Why small employers WILL drop their group health coverage

Remember the old Saturday morning cartoons where the Coyote, in yet another failed attempt to catch the elusive Roadrunner, would order some TNT from Acme, hide it in a big pile of bird seed, and wait patiently for his target to take the bait?


The plan, of course, was to blow the little sucker up when he stopped to eat, but things never seemed to work out the way he had hoped. The Roadrunner would stop, eat a bunch of seed, stick out his tongue, say “meep meep” (yes, it was “meep meep” not “beep beep”), and be on his way.

The Coyote, furious, would head over to the spot where he had set the trap and pick up the explosives to see what went wrong, only to have them blow up in his face.


As they say, timing is everything… It wasn’t that the TNT didn’t work – it just didn’t go off when the Coyote expected it too.

A lot of brokers probably feel like the Coyote right now. They had this great plan – acquire a technology solution that would give them the capacity to sign up lots and lots of people in the individual market when their small group plans blew up during the 2014 Open Enrollment Period. Only the plans didn’t blow up the way they expected, and now they’re feeling duped.

We would encourage you to learn from the Coyote’s mistake – don’t assume that you had a faulty strategy; instead, realize that it’s simply a matter of timing.

Last year was a weird time in the health isurance industry – the Healthcare.gov site didn’t work, then it did; the opponents of the legislation did a much better job criticizing the law than suporters did promoting it; and some insurance companies sat on the sidelines and didn’t participate in the individual marketplace year one. No wonder employers were hesitant to give their employees the “opportunity” to buy individual health coverage and apply for a government subsidy. Yes, 8 million people did sign up for coverage, but most of those were early adopters who either needed health insurance due to a pre-existing condition or who actually understood how the subsidies work; most enrollees weren’t previously covered by a group plan.

The real reason, though, that most small employers didn’t drop their group coverage last year is because their brokers offered them a solution – a temporary solution, that is. Small employers that were previously paying below-average rates were advised to renew their plans on December 1, 2013 so that they would not be subject to the new modified adjusted community rating (ACR) rules until December of this year. ACR will cause the premiums for many of these healthy small employers to skyrocket, so they wanted to put off the impact as long as possible.

Most unhealthy groups, on the other hand, switched their effective date to January 1st so they could take advantage of the lower rates right away – many groups that payed above average rates under the old rules saw their rates come down under the new ACR rules.

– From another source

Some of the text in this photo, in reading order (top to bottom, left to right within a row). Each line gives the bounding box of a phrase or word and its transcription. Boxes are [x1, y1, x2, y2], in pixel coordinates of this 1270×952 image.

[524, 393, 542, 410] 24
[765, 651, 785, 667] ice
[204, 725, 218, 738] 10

What that means is that the spike in premiums that will cause many small employers to drop their group health coverage hasn’t actually happened yet – they have yet to feel the impact of the Affordable Care Act’s market reforms, but when they do, they’ll definitely be looking for a solution. Interestingly, this will happen at the same time that millions of Americans will be shopping for coverage in the individual market – open enrollment starts again on November 15th. So there’s a lot bigger chance that these employers will make the decision to ditch their group health plan this year than there was last year. Don’t let this blow up in your face by getting rid of your technology solution before the upcoming open enrollment period.

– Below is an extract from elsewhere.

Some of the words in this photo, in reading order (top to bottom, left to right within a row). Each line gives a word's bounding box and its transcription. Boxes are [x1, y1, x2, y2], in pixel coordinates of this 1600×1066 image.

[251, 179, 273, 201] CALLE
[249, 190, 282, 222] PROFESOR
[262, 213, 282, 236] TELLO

Of course, some would argue that these healthy small employers have a solution this year as well – they could take advantage of the transition rules, which allow their carriers to renew their non-compliant plans if permitted by the state, and further delay the impact of ACR. Or they could move to one of the new ASO (administrative services only) plans being marketed by carriers in the small group market – self-funded plans don’t have to play by the ACR rules. While both of those are indeed viable options for some small employers, not every group will take advantage of them.

But let’s suppose for a minute that they did – that nearly every relatively healthy small employer chose to further delay the impact of ACR by renewing their non-compliant plans or by switching to a self-funded option. If that did happen, what would happen to the unhealthy groups who, by and large, have a January 1st renewal date? Their premiums would go up, right? The only reason the carriers lowered the rates on the unhealthy groups who jumped on the ACA-compliant plans early is because they were counting on the healthier groups signing up later in the year. If the healthier groups never join that rating pool because they have other options, then there will be no healthy premium to support the unhealthy premium insurers are already receiving, so the rates on the unhealthy groups will move back up, and this would cause them to re-think their group health plan. These groups, too, are up for renewal right in the middle of the open enrollment period in the individual market.

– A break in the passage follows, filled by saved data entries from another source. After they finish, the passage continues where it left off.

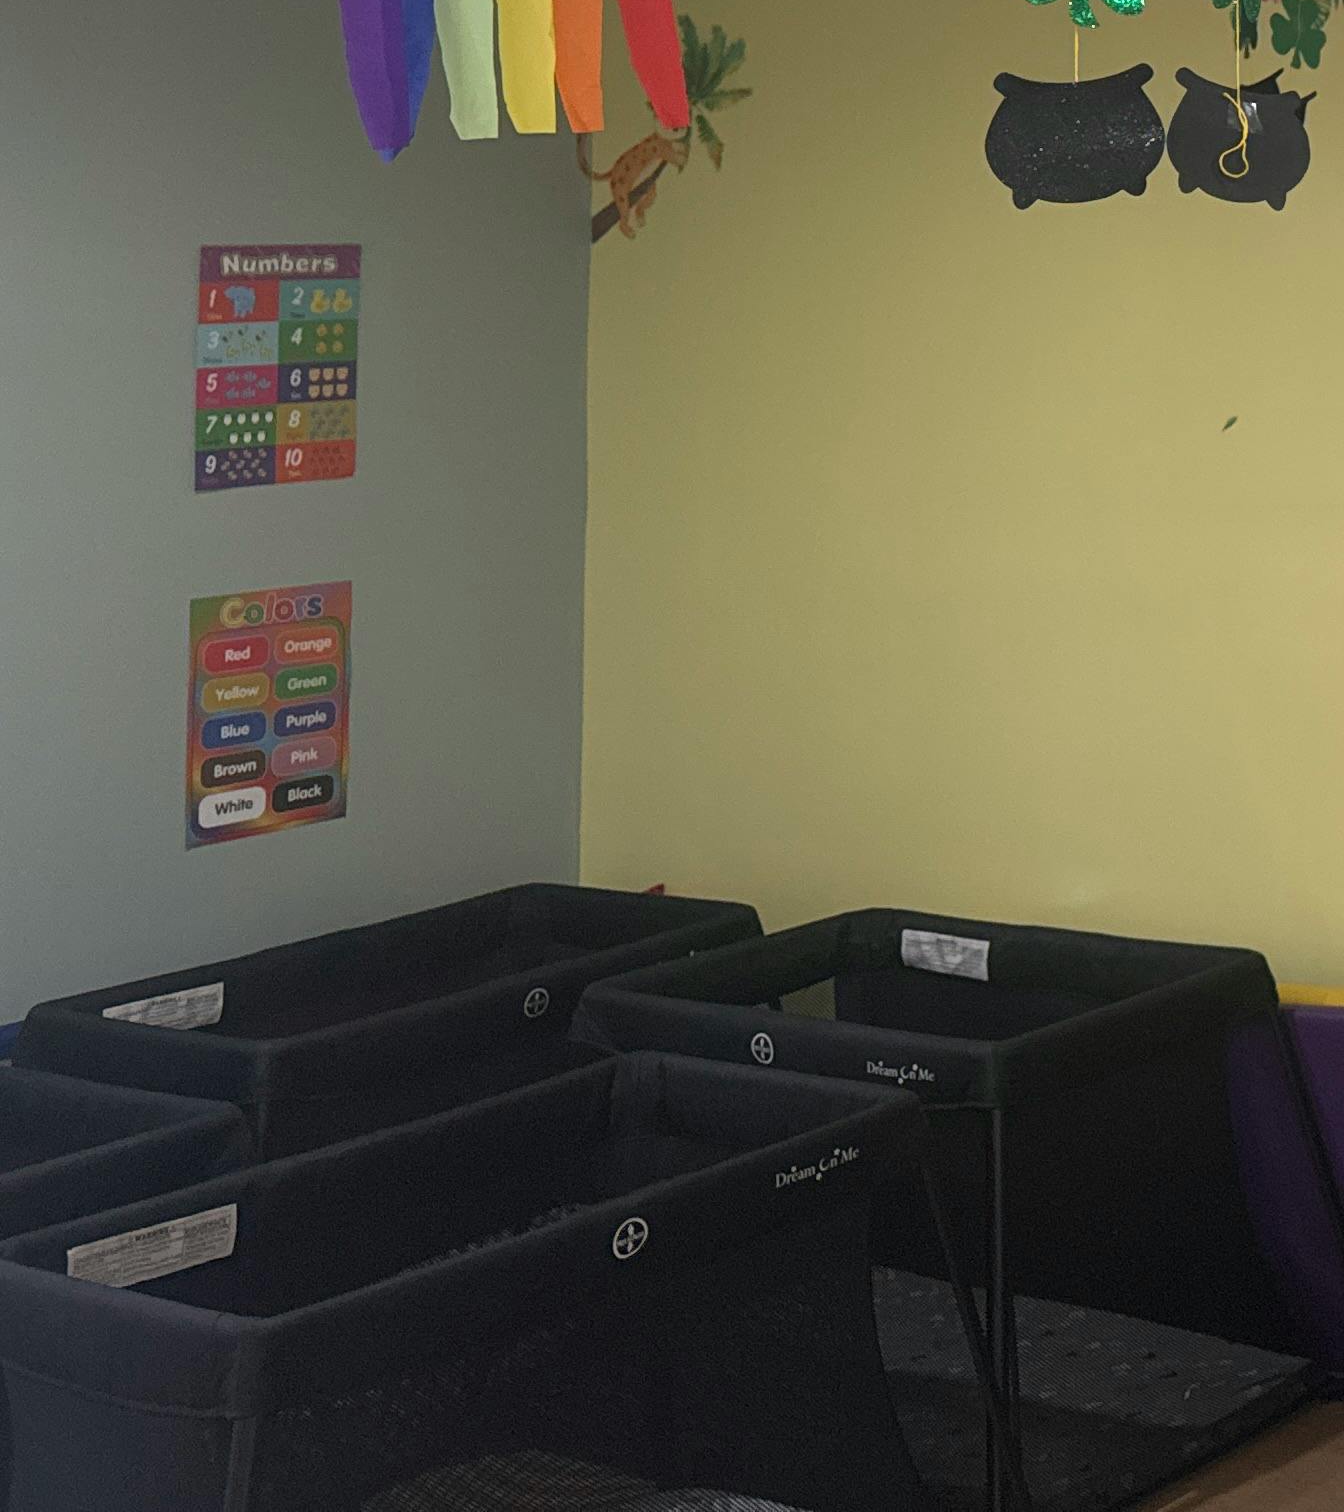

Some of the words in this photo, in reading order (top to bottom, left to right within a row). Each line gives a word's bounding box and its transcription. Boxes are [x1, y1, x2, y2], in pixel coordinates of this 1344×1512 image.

[222, 254, 337, 275] Numbers
[209, 289, 217, 309] 1
[291, 287, 304, 306] 2
[207, 331, 220, 350] 3
[291, 327, 303, 346] 4
[205, 372, 219, 393] 5
[290, 368, 302, 387] 6
[205, 415, 218, 434] 7
[288, 409, 301, 429] 8
[204, 455, 217, 475] 9
[284, 447, 303, 467] 10
[219, 592, 324, 629] Colors
[224, 645, 251, 663] Red
[284, 636, 332, 654] Orange
[287, 673, 328, 691] Green
[215, 684, 260, 702] Yellow
[285, 710, 328, 729] Purple
[220, 723, 250, 740] Blue
[290, 747, 319, 765] Pink
[213, 759, 257, 778] Brown
[287, 783, 322, 803] Black
[214, 797, 254, 816] White
[866, 1060, 898, 1078] Dream
[918, 1068, 936, 1082] Me
[775, 1165, 816, 1188] Dream
[840, 1146, 860, 1163] Me

Do we know which of these scenarios will happen? Of course not – we don’t have a crystal ball. But we do have enough foresight to be able to predict that things won’t continue to go as smoothly as the government hopes they will. There’s simply no way you can change all the rating rules and start giving away free money in the individual market and have no impact at all on the number of groups offering health insurance to their employees. And when this law blows up in the government’s face, brokers who have a solution – those who haven’t shipped their “defective” explosives back to Acme – will be in the perfect position to take advantage of it.